My grandmother died three weeks after retreating to Queens. My only experience with death had been when my canary unexpectedly escaped from his cage and crashed into the window, snapping his neck. I placed him in a Stride Rite shoebox, and Dad dug a hole for him in the corner of the yard. That pretty much summed up what I knew about death.
Obviously, my grandmother’s death wasn’t the same as Tweetie’s. I was sad, but she was sixty and that was pretty old. I didn’t ask any questions. I figured being quiet again was the best thing for me.
On the day of my grandmother’s funeral, I was sent to stay with my father’s sister and her two boys. I didn’t like them very much. During lunch, the older boy reached across the table to grab my doll. I just couldn’t be quiet any longer. I was done being quiet.
As I stood up, the bowl of soup spilled into my lap. My head was spinning. I didn’t know what I was supposed to do. No one was telling me anything. I was only six and I was so mixed up. I wanted my grandmother back. I wanted her to visit on Sundays like she used to. I hated being at my aunt’s house with those boys. I wanted to go home. And where were my parents? Everything was so confusing. I wanted to scream, but I had no words. I sat back down and put my face in my hands. No one said a thing. All eyes were on me. The puddle of tomato soup was still in my pinafore.
On the day my grandmother was buried, I finally broke my silence. In the stillness of that moment, I wept out loud. I sobbed uncontrollably to release my guilt.
I turned seven the same month my grandmother died. On my birthday, my father had a special treat for the whole family. He drove us east to Greenport. We pulled into the parking lot of what today is the Soundview Restaurant. I remember it as a snack stand.
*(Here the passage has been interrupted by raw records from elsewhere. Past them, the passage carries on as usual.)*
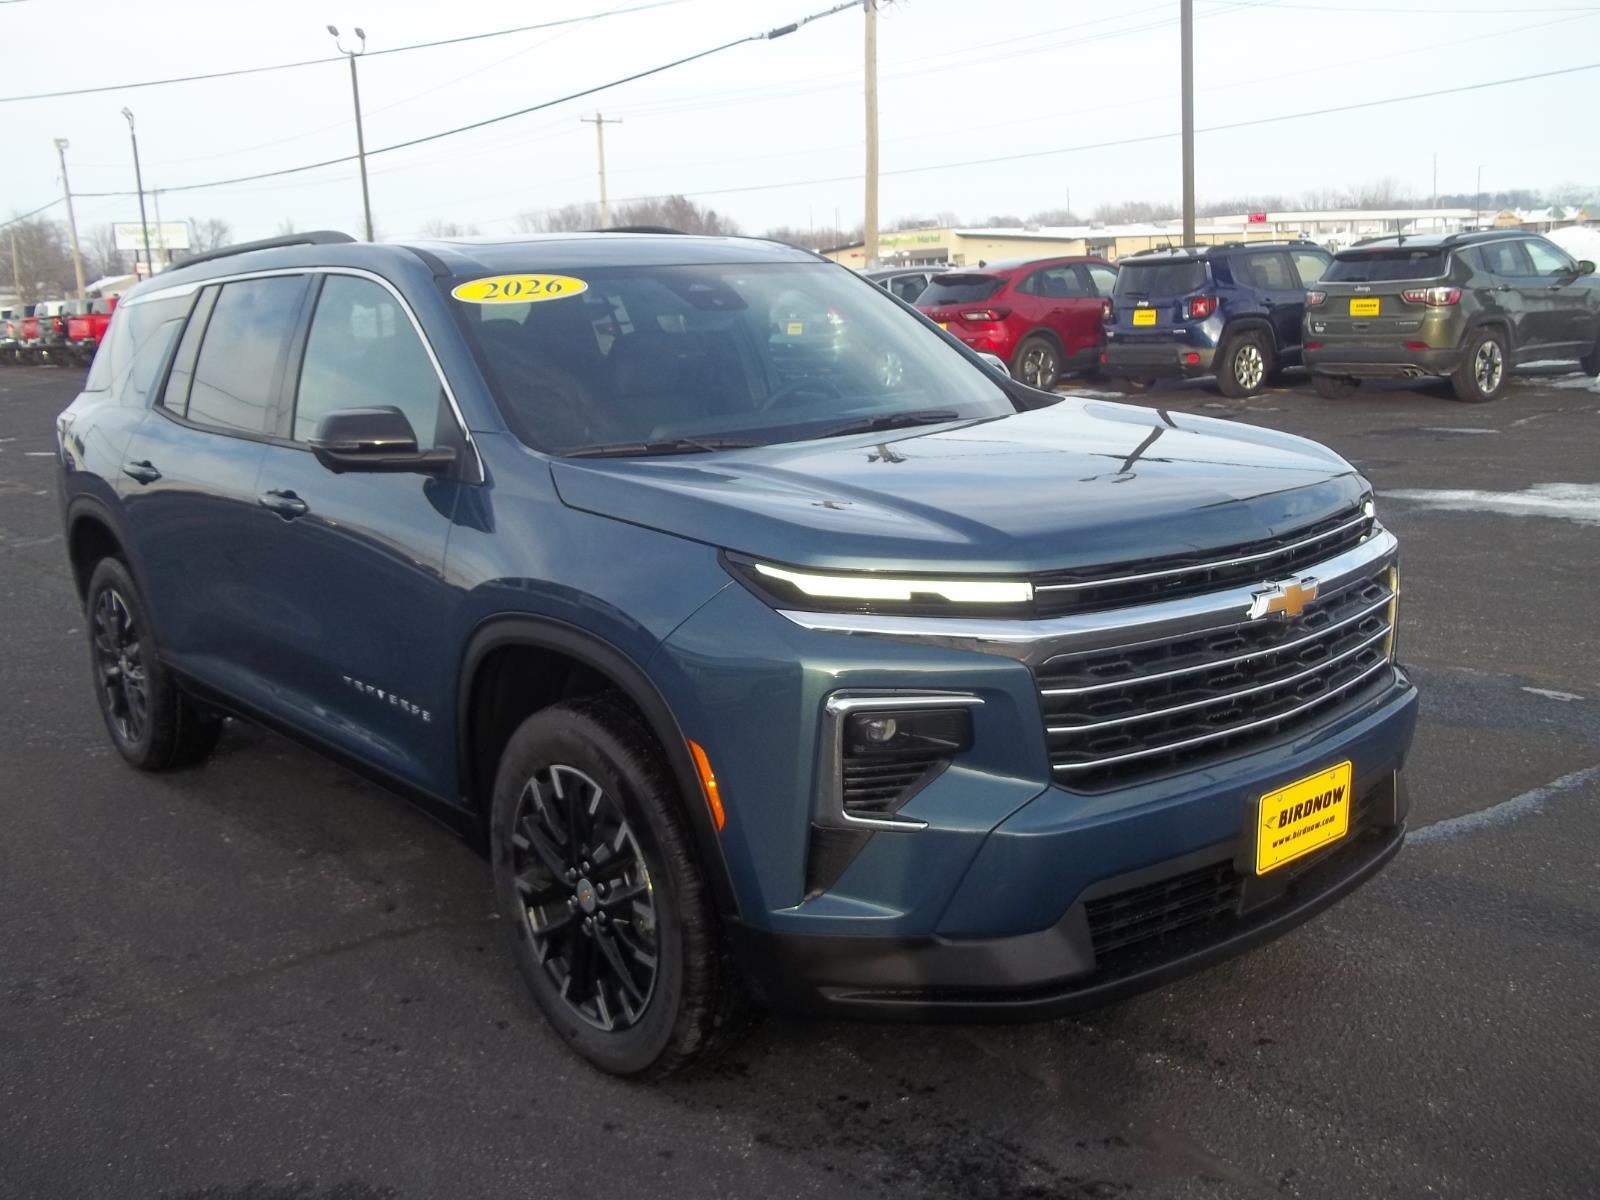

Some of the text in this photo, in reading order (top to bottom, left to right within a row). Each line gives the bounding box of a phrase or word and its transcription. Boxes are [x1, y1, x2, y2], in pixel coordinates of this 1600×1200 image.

[483, 279, 562, 299] 2026
[1278, 784, 1346, 829] BIRDNOW
[1272, 815, 1336, 849] www.birdnow.com
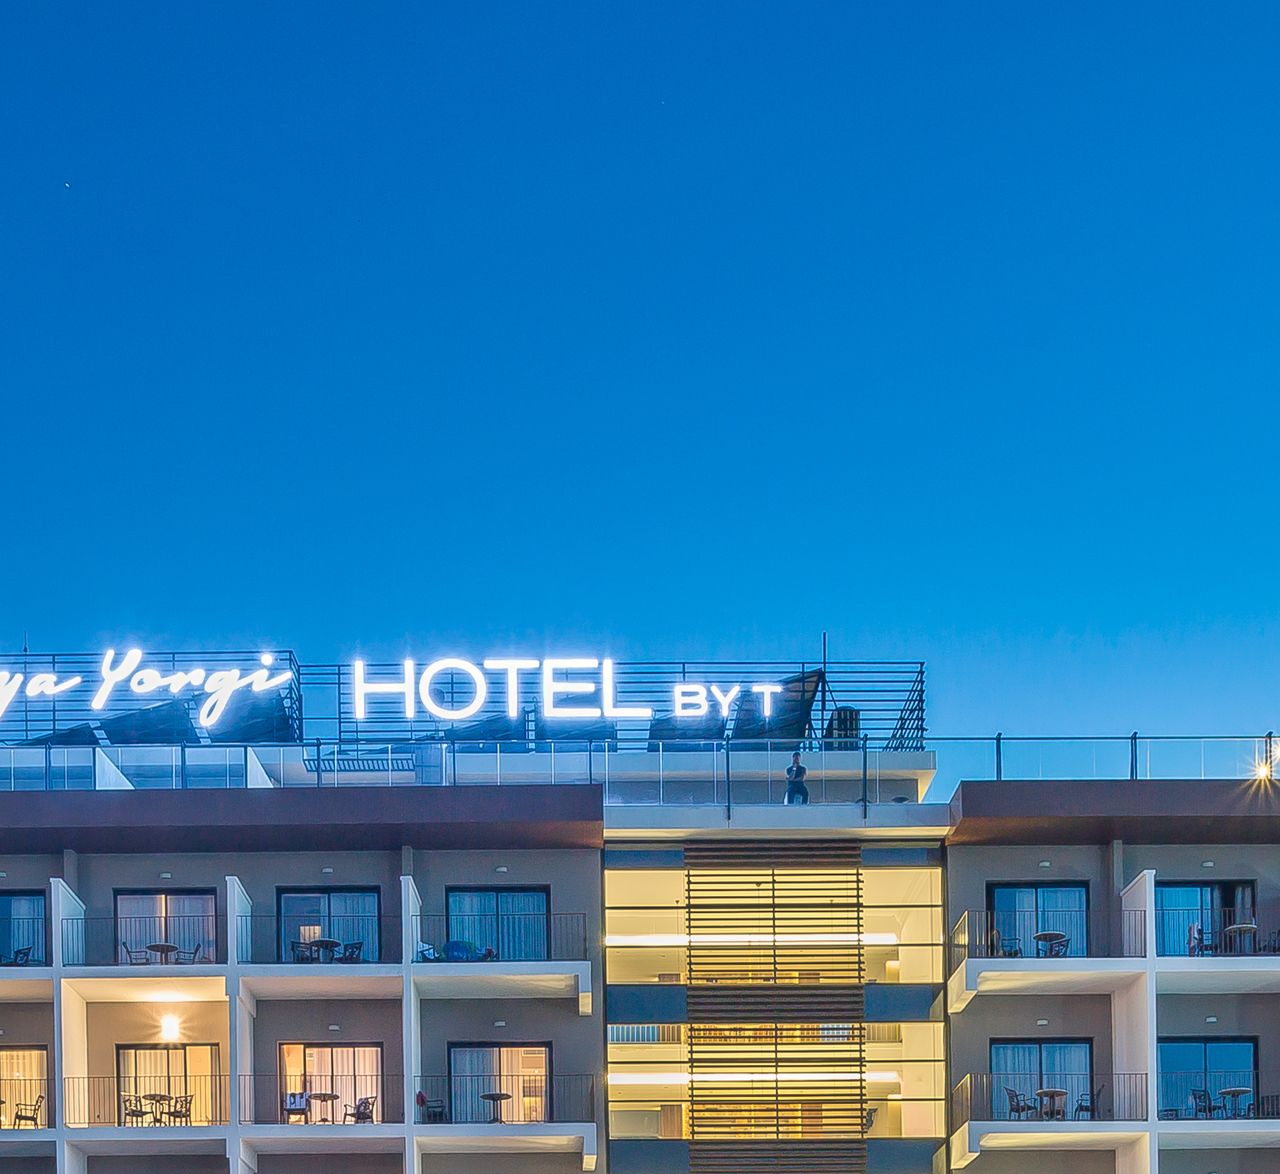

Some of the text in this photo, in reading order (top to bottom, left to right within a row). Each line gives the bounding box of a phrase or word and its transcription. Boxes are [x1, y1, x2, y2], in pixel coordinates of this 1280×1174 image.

[89, 647, 294, 728] Yorgi
[353, 657, 654, 721] HOTEL
[673, 683, 741, 718] BY
[751, 683, 784, 718] T
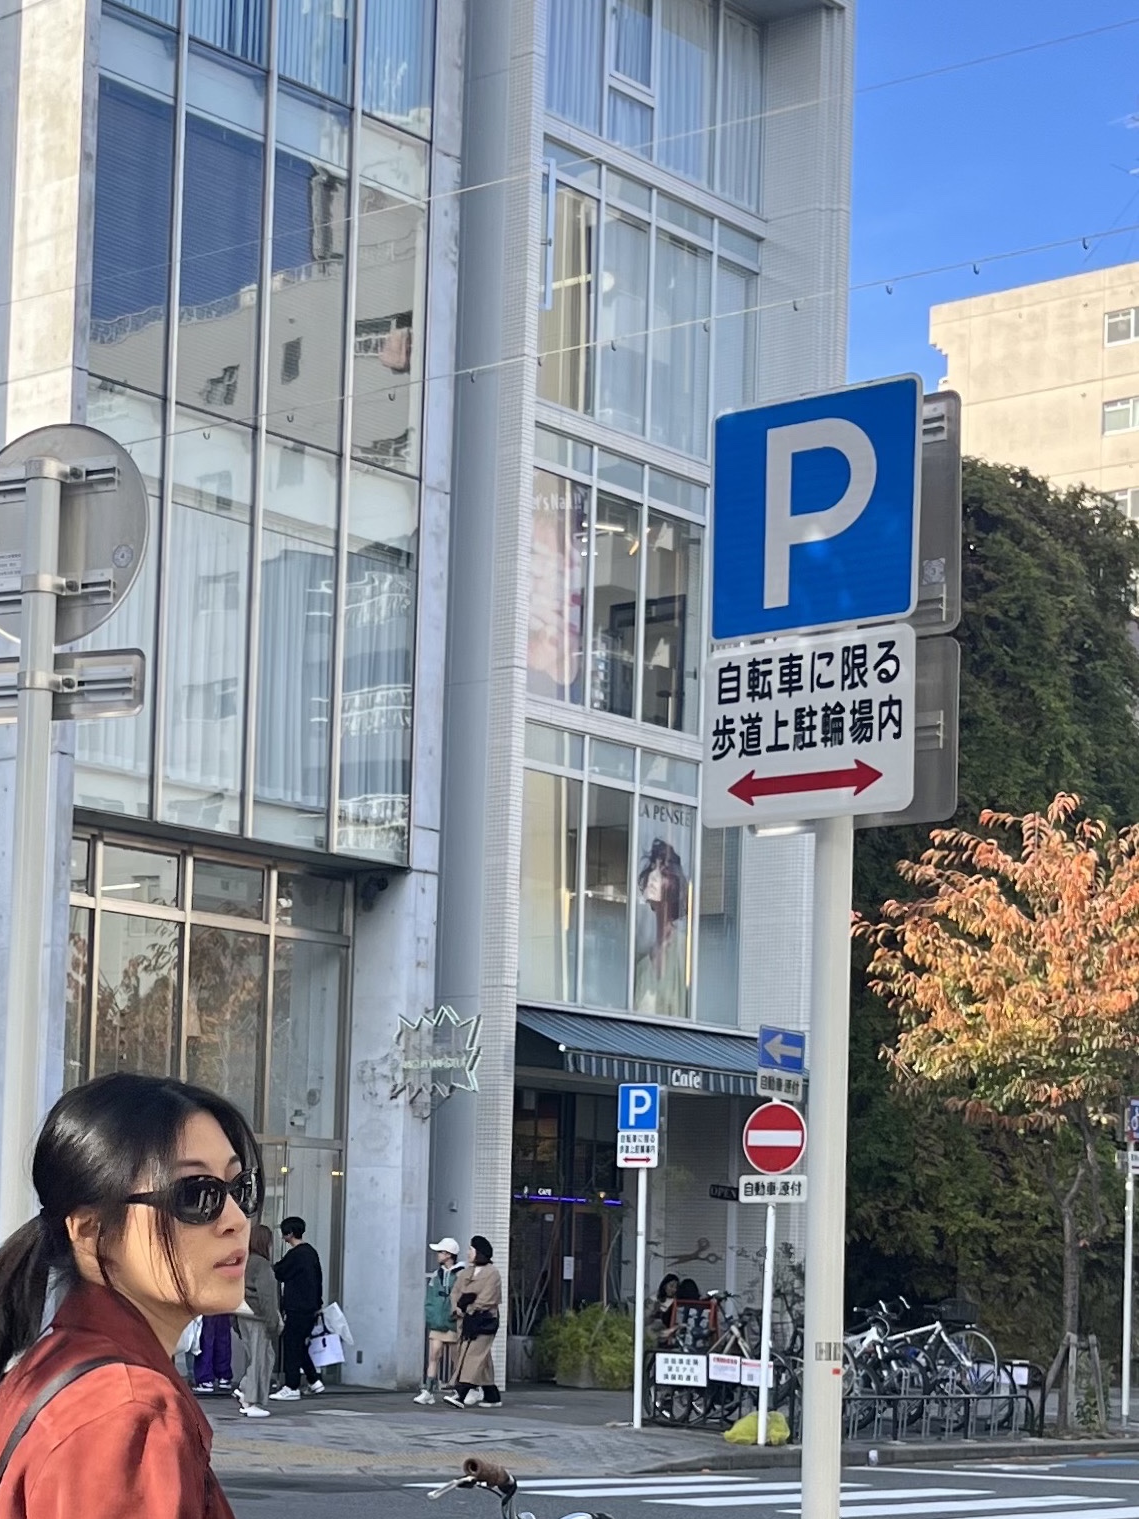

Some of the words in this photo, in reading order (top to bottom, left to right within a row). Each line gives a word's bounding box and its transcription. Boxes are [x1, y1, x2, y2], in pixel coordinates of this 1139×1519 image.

The wind off the sound was refreshing and the smell of fried food was mouth-watering. The sun was shining, and there was not a cloud in the sky. I was excited to order a plate of raw clams and a coke. I savored each clam and sipped the last bit of brine left in every shell. When I finished the clams and coke, I ordered a hot dog, chocolate milk, and vanilla ice cream for dessert. It was my birthday. I could eat what I wanted.
I saw my mother smiling for the first time in six months. My sisters were laughing, and Dad seemed relaxed. I dared to think, perhaps, the sadness of the four diseases and death was behind me. I began to believe that life could be good again.
Looking back, I remember Greenport as a place of peace, a refuge in a tumultuous time. Years have passed, yet I still experience the renewal of life whenever I return. Greenport will always remind me of that magical moment the day I turned seven, when optimism took root and hope began to grow.